**TASK ITEM:** An exact reproduction of all entries is required.

**THE DATA:**
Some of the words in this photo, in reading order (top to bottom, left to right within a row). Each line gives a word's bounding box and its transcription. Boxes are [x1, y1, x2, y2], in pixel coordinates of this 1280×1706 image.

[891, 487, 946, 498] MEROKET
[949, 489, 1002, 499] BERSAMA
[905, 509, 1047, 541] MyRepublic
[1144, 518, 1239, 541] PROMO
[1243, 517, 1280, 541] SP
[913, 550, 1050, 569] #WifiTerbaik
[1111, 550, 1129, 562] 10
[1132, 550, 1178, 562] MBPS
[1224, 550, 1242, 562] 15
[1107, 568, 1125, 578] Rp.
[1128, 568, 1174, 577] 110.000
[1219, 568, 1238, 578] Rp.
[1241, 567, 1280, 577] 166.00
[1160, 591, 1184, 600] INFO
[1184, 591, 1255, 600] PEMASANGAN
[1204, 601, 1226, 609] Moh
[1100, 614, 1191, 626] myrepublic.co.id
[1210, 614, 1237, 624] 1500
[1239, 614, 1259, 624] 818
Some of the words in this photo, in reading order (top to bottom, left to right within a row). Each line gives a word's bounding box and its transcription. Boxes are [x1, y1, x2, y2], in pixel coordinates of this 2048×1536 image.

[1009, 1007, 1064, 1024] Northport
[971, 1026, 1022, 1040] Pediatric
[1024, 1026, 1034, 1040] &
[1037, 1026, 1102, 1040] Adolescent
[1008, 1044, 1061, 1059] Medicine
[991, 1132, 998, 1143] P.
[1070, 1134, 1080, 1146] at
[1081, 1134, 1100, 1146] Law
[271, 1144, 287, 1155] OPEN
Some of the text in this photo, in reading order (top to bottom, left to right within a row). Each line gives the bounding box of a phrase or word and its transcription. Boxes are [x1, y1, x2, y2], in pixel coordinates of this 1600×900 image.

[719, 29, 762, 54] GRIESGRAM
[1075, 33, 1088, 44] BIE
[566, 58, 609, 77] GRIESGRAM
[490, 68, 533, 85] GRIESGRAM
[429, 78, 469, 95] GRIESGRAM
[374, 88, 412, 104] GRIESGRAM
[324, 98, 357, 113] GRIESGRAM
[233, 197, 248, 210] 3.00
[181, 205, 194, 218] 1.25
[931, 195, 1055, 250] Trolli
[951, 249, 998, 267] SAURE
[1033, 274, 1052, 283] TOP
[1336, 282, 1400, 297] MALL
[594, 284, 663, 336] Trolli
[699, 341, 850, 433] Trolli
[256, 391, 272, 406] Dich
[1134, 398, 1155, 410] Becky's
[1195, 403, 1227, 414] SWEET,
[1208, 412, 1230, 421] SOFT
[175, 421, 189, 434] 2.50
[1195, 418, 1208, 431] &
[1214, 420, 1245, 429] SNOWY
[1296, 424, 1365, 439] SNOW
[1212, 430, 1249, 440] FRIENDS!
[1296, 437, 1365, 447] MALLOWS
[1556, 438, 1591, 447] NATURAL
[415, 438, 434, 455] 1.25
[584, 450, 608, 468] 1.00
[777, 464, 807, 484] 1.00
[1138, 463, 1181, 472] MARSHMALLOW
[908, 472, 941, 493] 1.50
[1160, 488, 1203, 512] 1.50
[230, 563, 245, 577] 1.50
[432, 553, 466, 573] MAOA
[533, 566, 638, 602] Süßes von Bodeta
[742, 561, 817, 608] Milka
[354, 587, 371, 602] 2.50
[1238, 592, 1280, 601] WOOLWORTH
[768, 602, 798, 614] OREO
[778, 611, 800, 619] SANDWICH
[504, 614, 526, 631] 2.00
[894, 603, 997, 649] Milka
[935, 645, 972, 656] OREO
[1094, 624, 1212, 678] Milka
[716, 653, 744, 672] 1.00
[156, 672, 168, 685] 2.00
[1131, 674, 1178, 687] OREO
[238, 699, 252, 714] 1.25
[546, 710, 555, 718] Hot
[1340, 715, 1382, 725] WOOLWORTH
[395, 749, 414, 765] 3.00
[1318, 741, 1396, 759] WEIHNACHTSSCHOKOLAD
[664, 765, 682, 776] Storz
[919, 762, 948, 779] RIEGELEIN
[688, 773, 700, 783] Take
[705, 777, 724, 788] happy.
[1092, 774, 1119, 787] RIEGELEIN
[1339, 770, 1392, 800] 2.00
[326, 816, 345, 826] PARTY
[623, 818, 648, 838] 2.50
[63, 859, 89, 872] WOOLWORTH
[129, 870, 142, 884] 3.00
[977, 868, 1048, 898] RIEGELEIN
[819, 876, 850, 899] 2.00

**RESULT BELOW:**
Some of the words in this photo, in reading order (top to bottom, left to right within a row). Each line gives a word's bounding box and its transcription. Boxes are [x1, y1, x2, y2], in pixel coordinates of this 1280×1706 image.

[891, 487, 946, 498] MEROKET
[949, 489, 1002, 499] BERSAMA
[905, 509, 1047, 541] MyRepublic
[1144, 518, 1239, 541] PROMO
[1243, 517, 1280, 541] SP
[913, 550, 1050, 569] #WifiTerbaik
[1111, 550, 1129, 562] 10
[1132, 550, 1178, 562] MBPS
[1224, 550, 1242, 562] 15
[1107, 568, 1125, 578] Rp.
[1128, 568, 1174, 577] 110.000
[1219, 568, 1238, 578] Rp.
[1241, 567, 1280, 577] 166.00
[1160, 591, 1184, 600] INFO
[1184, 591, 1255, 600] PEMASANGAN
[1204, 601, 1226, 609] Moh
[1100, 614, 1191, 626] myrepublic.co.id
[1210, 614, 1237, 624] 1500
[1239, 614, 1259, 624] 818
Some of the words in this photo, in reading order (top to bottom, left to right within a row). Each line gives a word's bounding box and its transcription. Boxes are [x1, y1, x2, y2], in pixel coordinates of this 2048×1536 image.

[1009, 1007, 1064, 1024] Northport
[971, 1026, 1022, 1040] Pediatric
[1024, 1026, 1034, 1040] &
[1037, 1026, 1102, 1040] Adolescent
[1008, 1044, 1061, 1059] Medicine
[991, 1132, 998, 1143] P.
[1070, 1134, 1080, 1146] at
[1081, 1134, 1100, 1146] Law
[271, 1144, 287, 1155] OPEN
Some of the text in this photo, in reading order (top to bottom, left to right within a row). Each line gives the bounding box of a phrase or word and its transcription. Boxes are [x1, y1, x2, y2], in pixel coordinates of this 1600×900 image.

[719, 29, 762, 54] GRIESGRAM
[1075, 33, 1088, 44] BIE
[566, 58, 609, 77] GRIESGRAM
[490, 68, 533, 85] GRIESGRAM
[429, 78, 469, 95] GRIESGRAM
[374, 88, 412, 104] GRIESGRAM
[324, 98, 357, 113] GRIESGRAM
[233, 197, 248, 210] 3.00
[181, 205, 194, 218] 1.25
[931, 195, 1055, 250] Trolli
[951, 249, 998, 267] SAURE
[1033, 274, 1052, 283] TOP
[1336, 282, 1400, 297] MALL
[594, 284, 663, 336] Trolli
[699, 341, 850, 433] Trolli
[256, 391, 272, 406] Dich
[1134, 398, 1155, 410] Becky's
[1195, 403, 1227, 414] SWEET,
[1208, 412, 1230, 421] SOFT
[175, 421, 189, 434] 2.50
[1195, 418, 1208, 431] &
[1214, 420, 1245, 429] SNOWY
[1296, 424, 1365, 439] SNOW
[1212, 430, 1249, 440] FRIENDS!
[1296, 437, 1365, 447] MALLOWS
[1556, 438, 1591, 447] NATURAL
[415, 438, 434, 455] 1.25
[584, 450, 608, 468] 1.00
[777, 464, 807, 484] 1.00
[1138, 463, 1181, 472] MARSHMALLOW
[908, 472, 941, 493] 1.50
[1160, 488, 1203, 512] 1.50
[230, 563, 245, 577] 1.50
[432, 553, 466, 573] MAOA
[533, 566, 638, 602] Süßes von Bodeta
[742, 561, 817, 608] Milka
[354, 587, 371, 602] 2.50
[1238, 592, 1280, 601] WOOLWORTH
[768, 602, 798, 614] OREO
[778, 611, 800, 619] SANDWICH
[504, 614, 526, 631] 2.00
[894, 603, 997, 649] Milka
[935, 645, 972, 656] OREO
[1094, 624, 1212, 678] Milka
[716, 653, 744, 672] 1.00
[156, 672, 168, 685] 2.00
[1131, 674, 1178, 687] OREO
[238, 699, 252, 714] 1.25
[546, 710, 555, 718] Hot
[1340, 715, 1382, 725] WOOLWORTH
[395, 749, 414, 765] 3.00
[1318, 741, 1396, 759] WEIHNACHTSSCHOKOLAD
[664, 765, 682, 776] Storz
[919, 762, 948, 779] RIEGELEIN
[688, 773, 700, 783] Take
[705, 777, 724, 788] happy.
[1092, 774, 1119, 787] RIEGELEIN
[1339, 770, 1392, 800] 2.00
[326, 816, 345, 826] PARTY
[623, 818, 648, 838] 2.50
[63, 859, 89, 872] WOOLWORTH
[129, 870, 142, 884] 3.00
[977, 868, 1048, 898] RIEGELEIN
[819, 876, 850, 899] 2.00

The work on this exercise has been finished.